XMMSL1J063045.9603110 is a candidate tidal disruption event. This event was first detected in X-rays with an underlying soft X-ray thermal emission. Twenty days later, XMMSL1J063045.9603110 was again detected with soft X-ray thermal emission, this time ~10 times dimmer than when it was first detected. The X-ray emission over time appears to be consistent with the presence of an accretion disk around a black hole. In this case, the accretion disk represents a fraction of the material left over from a tidally disrupted star that got swallowed by the black hole.

Depending on assumptions, the black hole responsible for this tidal disruption flare is estimated to have between ~10 thousand to ~100 thousand times the mass of the Sun. Optical observations suggest that the black hole associated with XMMSL1J063045.9-603110 likely resides within either a very faint dwarf galaxy or a very bright globular cluster. If the black hole resides within a globular cluster, then XMMSL1J063045.9-603110 could be the first tidal disruption flare observed in a globular cluster.

Mainetti et al. (2016), "XMMSL1J063045.9-603110: a tidal disruption event fallen into the back burner", arXiv:1605.06133 [astro-ph.HE]

Tuesday, May 24, 2016

Discovery of the First Transiting Jupiter Analog

Kipping et al. (2016) present the discovery of the first transiting Jupiter analog. This planet is identified as Kepler-167e and it is part of a planetary system which contains three known transiting super-Earths that are in relatively close-in orbits around their host star. Kepler-167 is the host star of this planetary system. It is a K3V star with ~0.77 times the Sun's mass, ~0.73 times the Sun's radius and an effective temperature estimated to be ~4890 K.

Figure 1: Artist's impression of a gas giant planet.

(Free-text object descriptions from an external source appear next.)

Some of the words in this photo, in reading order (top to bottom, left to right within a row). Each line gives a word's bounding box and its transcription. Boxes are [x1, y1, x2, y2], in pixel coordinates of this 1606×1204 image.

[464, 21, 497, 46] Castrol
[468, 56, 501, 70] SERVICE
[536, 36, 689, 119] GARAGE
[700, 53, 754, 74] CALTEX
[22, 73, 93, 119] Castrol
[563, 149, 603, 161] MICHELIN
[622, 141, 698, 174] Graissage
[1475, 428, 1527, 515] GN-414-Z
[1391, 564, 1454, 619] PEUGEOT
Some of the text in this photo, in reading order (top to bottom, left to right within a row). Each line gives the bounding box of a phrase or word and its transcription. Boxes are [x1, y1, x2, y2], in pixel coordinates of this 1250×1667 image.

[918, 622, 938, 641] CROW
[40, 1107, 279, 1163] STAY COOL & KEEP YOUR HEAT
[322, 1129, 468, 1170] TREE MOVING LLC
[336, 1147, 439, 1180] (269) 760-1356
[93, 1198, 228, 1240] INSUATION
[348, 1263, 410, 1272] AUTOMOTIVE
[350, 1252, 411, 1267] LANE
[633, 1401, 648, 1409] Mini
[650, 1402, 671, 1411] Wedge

The three super-Earths in this planetary system are Kepler-167b, c and d. Kepler-167b has ~1.615 times the radius of Earth, a 4.393 day orbital period, an estimated equilibrium temperature of about 914 K and it receives 116 times the amount of flux Earth gets from the Sun. Kepler-167c has ~1.548 times the radius of Earth, a 7.406 day orbital period, an estimated equilibrium temperature of about 758 K and it receives 57.7 times the amount of flux Earth gets from the Sun. Kepler-167d has ~1.194 times the radius of Earth, a 21.804 day orbital period, an estimated equilibrium temperature of about 536 K and it receives 13.7 times the amount of flux Earth gets from the Sun.

Kepler-167e orbits much further out compared to the three inner super-Earths. Kepler-167e measures ~10.15 times the size of Earth, which is roughly 90 percent the radius of Jupiter. It orbits its host star every 1071 days, its estimated equilibrium temperature is about 130 K and it receives only ~7 percent the amount of flux Earth gets from the Sun. Kepler-167e is about twice as far from its host star as Earth is from the Sun and its orbit around its host star is close to being perfectly circular. With these properties, Kepler-167e bears a great deal of resemblance to Jupiter and hence, it is termed a Jupiter analog.

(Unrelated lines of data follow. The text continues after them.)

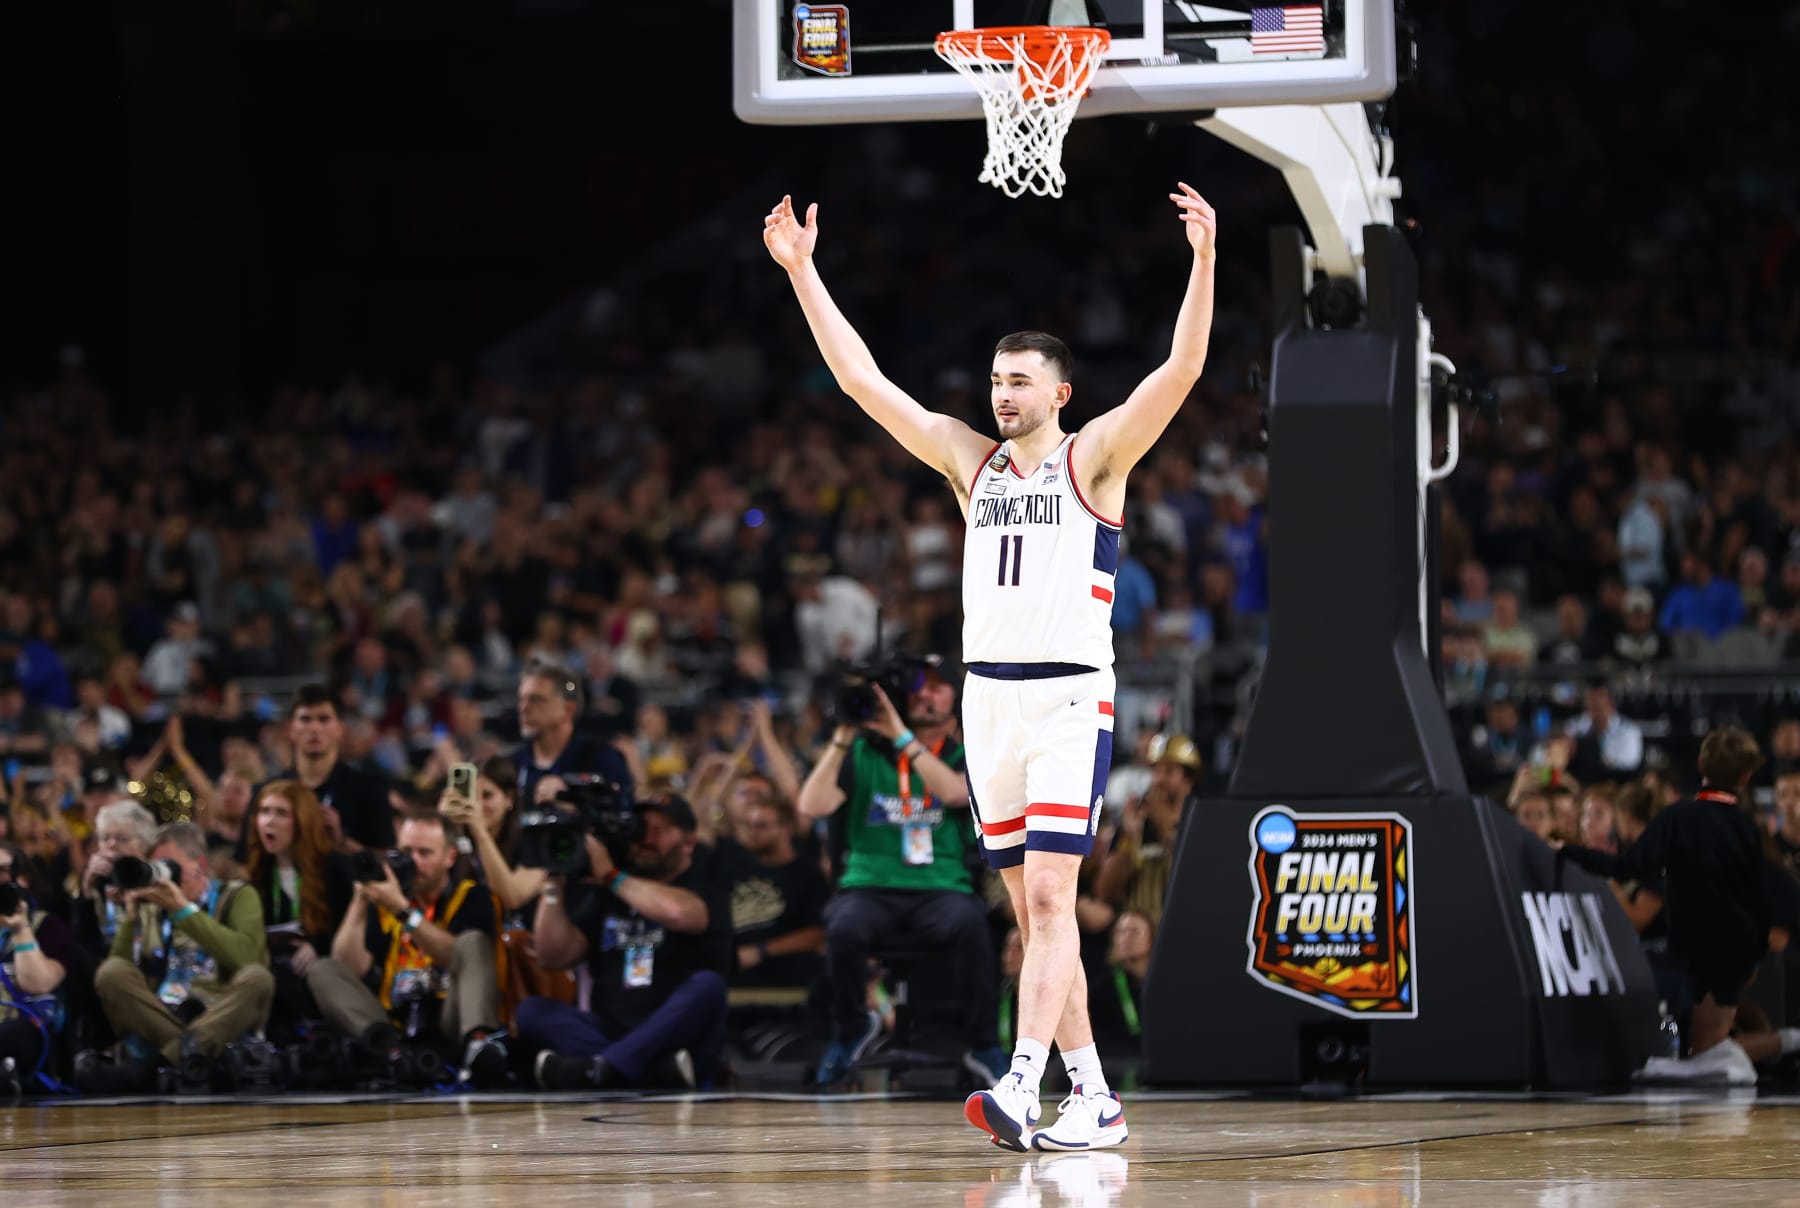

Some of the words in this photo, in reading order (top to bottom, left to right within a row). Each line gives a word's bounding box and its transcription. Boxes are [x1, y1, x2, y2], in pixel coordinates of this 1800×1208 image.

[974, 494, 1063, 528] CONNECTICUT
[998, 535, 1023, 586] 11
[1302, 833, 1335, 848] 2024
[1336, 833, 1377, 848] MEN'S
[1275, 852, 1379, 893] FINAL
[1275, 893, 1377, 934] FOUR
[1293, 943, 1361, 957] PHOENIX
[1521, 891, 1626, 997] NCAA

The compact trio of super-Earths around Kepler-167 raises the possibility that many of the currently known compact multi-planetary systems may host Jupiter analogs on distant orbits. Kepler-167e is a rare find because it transits its host star once every 2.9 years. Since one would need 2 transits to confirm its planetary nature and given that the primary Kepler mission ran for 4.3 years, the detection of Kepler-167e was indeed a fortunate one. Because Kepler-167e is a transiting planet, it also offers a unique opportunity for the characterisation of the atmosphere of a Jupiter analog.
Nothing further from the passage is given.